Spey fishing for trout may be one of the fastest textures of our sport. For good reason… It’s mega fun and incredibly effective! Like single-hand fishing, there are line weights that can cover many techniques much like #5 weight single-hander. Conversely, there are rods that work well for specific fishing situations. Today’s post covers the full array of two-hand weapons used for chasing trout and the techniques applicable to each line size.
- #6 Weight Spey
Six weight Spey & switch rods are great tools when you’re throwing extremely large, heavy streamers. Think 2”-4” sculpin and leech patterns and massive Alaskan rainbows. They posses the lifting power to pull big sink-tips from the depths and can handle trout in the “Big Jerry” category.
- #5 Weight Spey
For medium to large flies and big trout, a #5 weight Spey rod commands the water. They can handle fairly large sink-tips when dredging for “Walter”. A #5 weight Spey is also a superb instrument for mouse fishing, which is about the most fun you can have standing up. Although a #5 is heavy for soft hackle fishing, they will perform with heavier tippets like 3x. Finally, they’re fantastic tools when the wind is blowing.
- #4 Weight Spey
I consider a #4 weight Spey rod the most versatile of the line sizes. If you were only planning on owning one spey rod, this would be a good choice. Most #4 weights are light enough to swing soft hackles and caddis pupa but still have enough in the tank for hucking a moderately heavy sink-tip like T-10 and a small weighted bugger. Plus, they’re still stout enough to handle “Bubba” sized trout.
- #3 Weight Spey
If you’re looking for a rod to swing soft hackles & caddis pupa or for indicator nymph fishing, look no further. A #3 is light enough to handle 5X tippet (I’ve done 6X) –and small flies (I’ve gone down to #22 but don’t recommend it). These are also incredible tools for fishing dry flies, especially big stones and hoppers in those tough to reach seems just out of single-hand range.

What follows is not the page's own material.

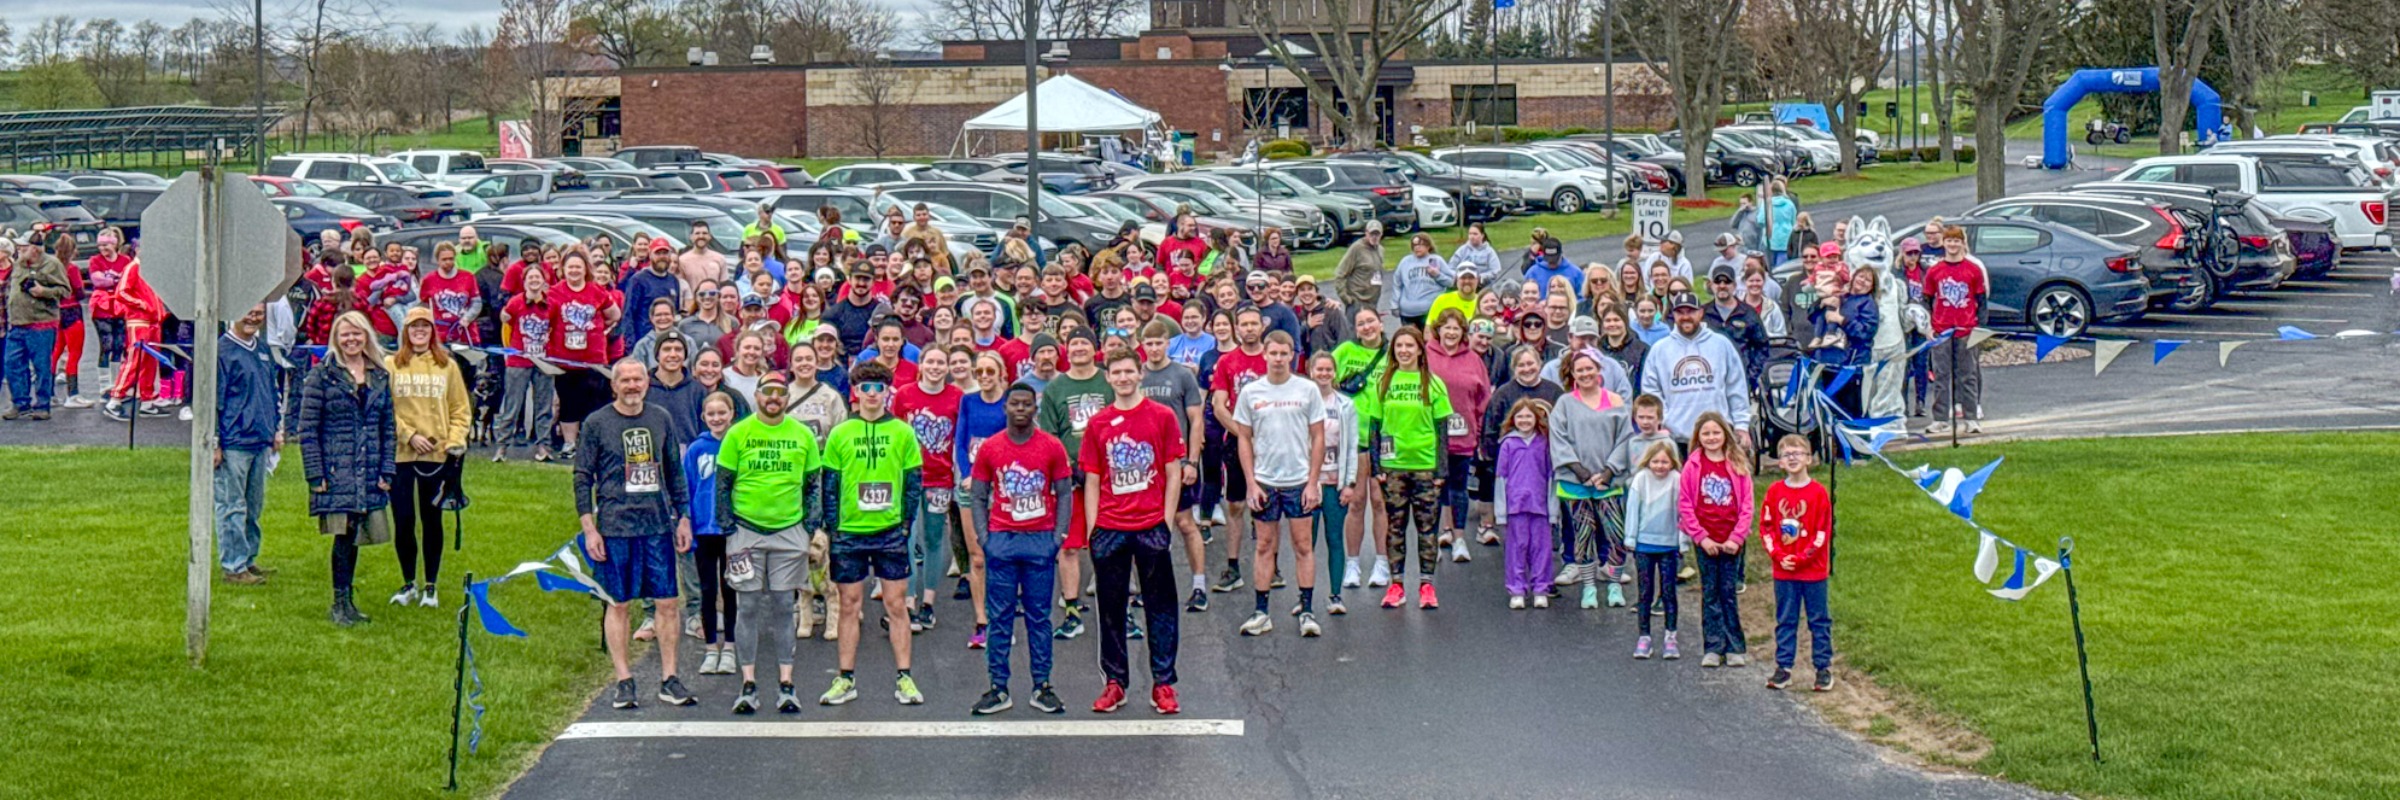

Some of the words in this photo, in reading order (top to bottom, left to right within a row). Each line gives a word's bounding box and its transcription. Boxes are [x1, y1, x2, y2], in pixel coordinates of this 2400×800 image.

These smaller rods are not as easy to fish heavy streamers with, however, a skilled caster can make them work just fine with small to moderate baitfish patterns. Finally, while Walter and Big Jerry might give a #3 Spey a run for it’s money, it will handle 10” to 20” fish with no issues. (I’ve seen 25” rainbows & Dollies landed on a #3 Weight Microspey)
So there you have it… Obviously a #4 weight Spey gives you tons of versatility and is a good choice if you’re just getting into the sport. However, if you’re a serious angler you’ll soon find that like single-hand rods, it’s hard to own only one.